**ENTRIES SHOWN**.
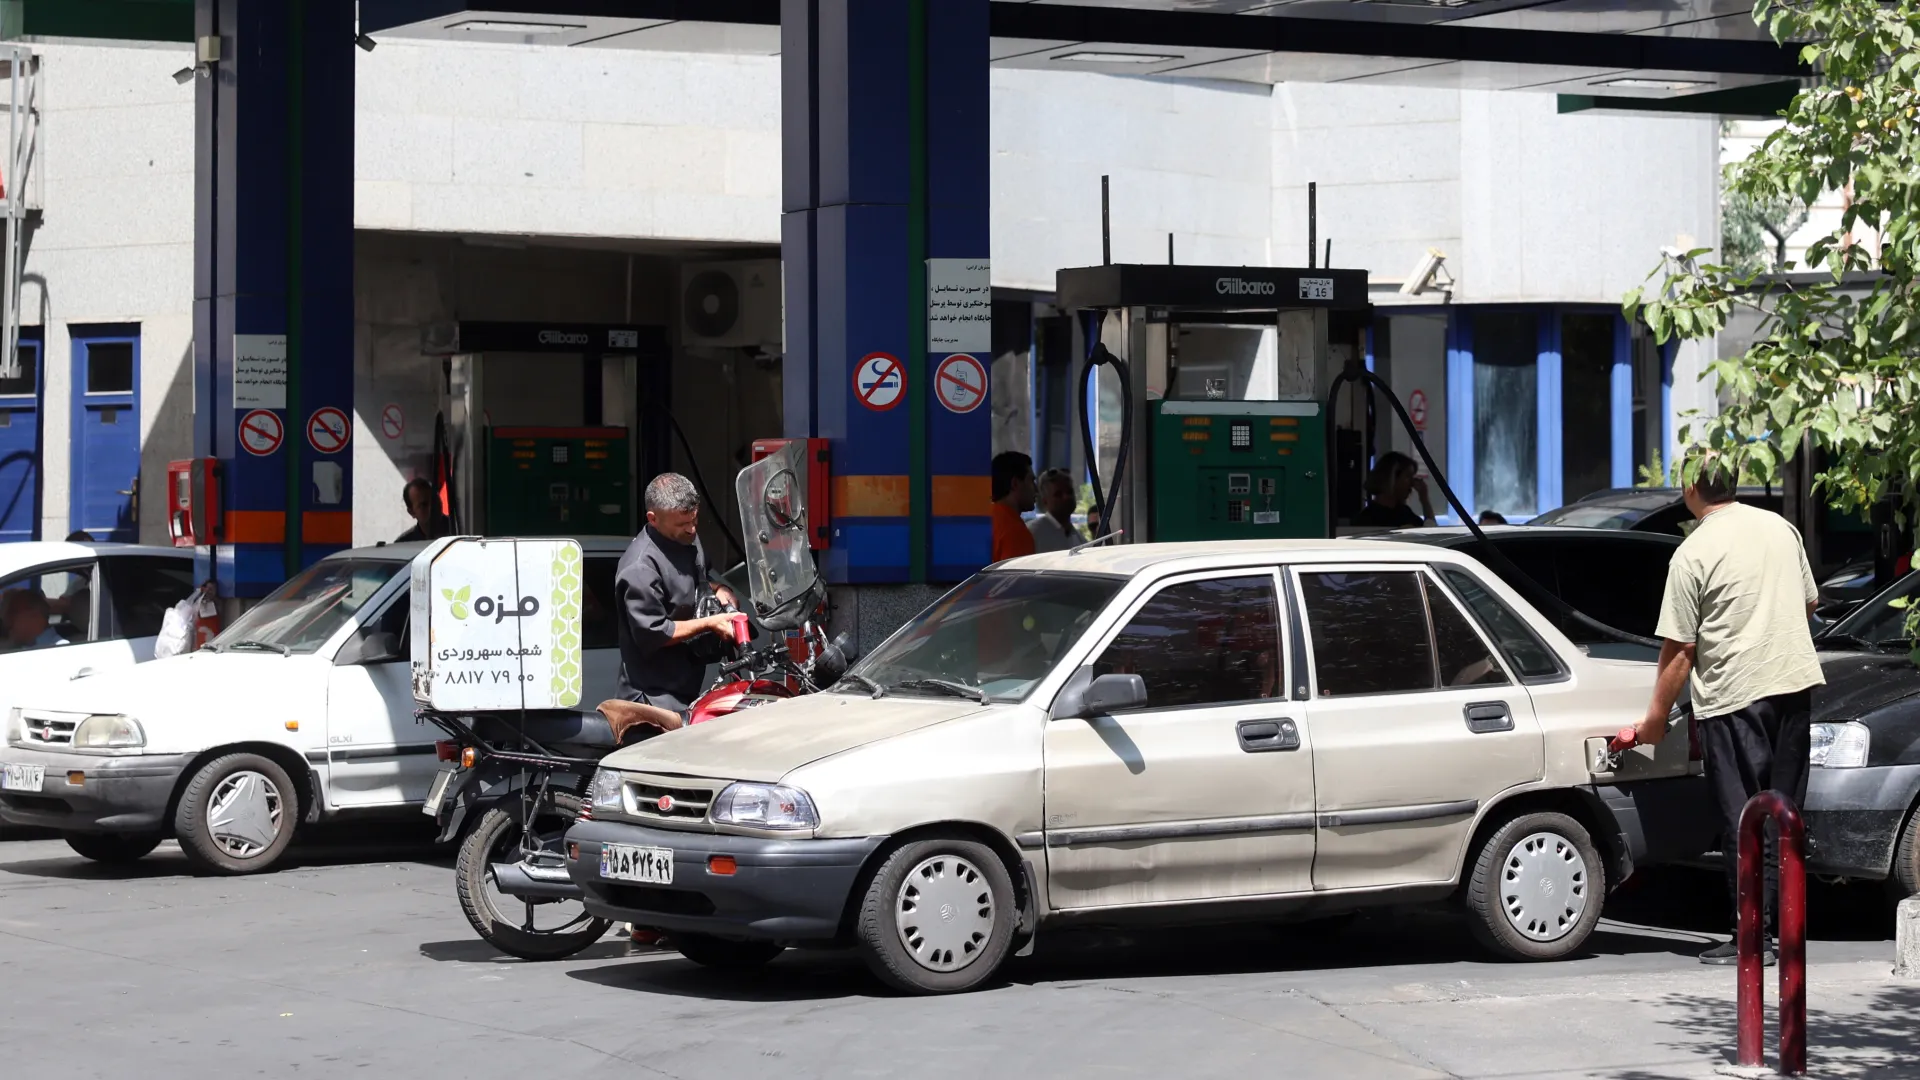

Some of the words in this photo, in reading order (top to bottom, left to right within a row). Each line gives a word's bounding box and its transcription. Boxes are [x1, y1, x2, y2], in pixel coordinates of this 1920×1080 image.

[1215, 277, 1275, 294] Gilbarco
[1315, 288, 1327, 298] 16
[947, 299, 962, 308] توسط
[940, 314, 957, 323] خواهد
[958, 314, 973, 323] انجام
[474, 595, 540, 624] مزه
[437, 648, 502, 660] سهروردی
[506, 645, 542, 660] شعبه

**TASK BRIEF**. The records above are to be reproduced exactly; the pictures are to be left out.

**OUTPUT**.
Some of the words in this photo, in reading order (top to bottom, left to right within a row). Each line gives a word's bounding box and its transcription. Boxes are [x1, y1, x2, y2], in pixel coordinates of this 1920×1080 image.

[1215, 277, 1275, 294] Gilbarco
[1315, 288, 1327, 298] 16
[947, 299, 962, 308] توسط
[940, 314, 957, 323] خواهد
[958, 314, 973, 323] انجام
[474, 595, 540, 624] مزه
[437, 648, 502, 660] سهروردی
[506, 645, 542, 660] شعبه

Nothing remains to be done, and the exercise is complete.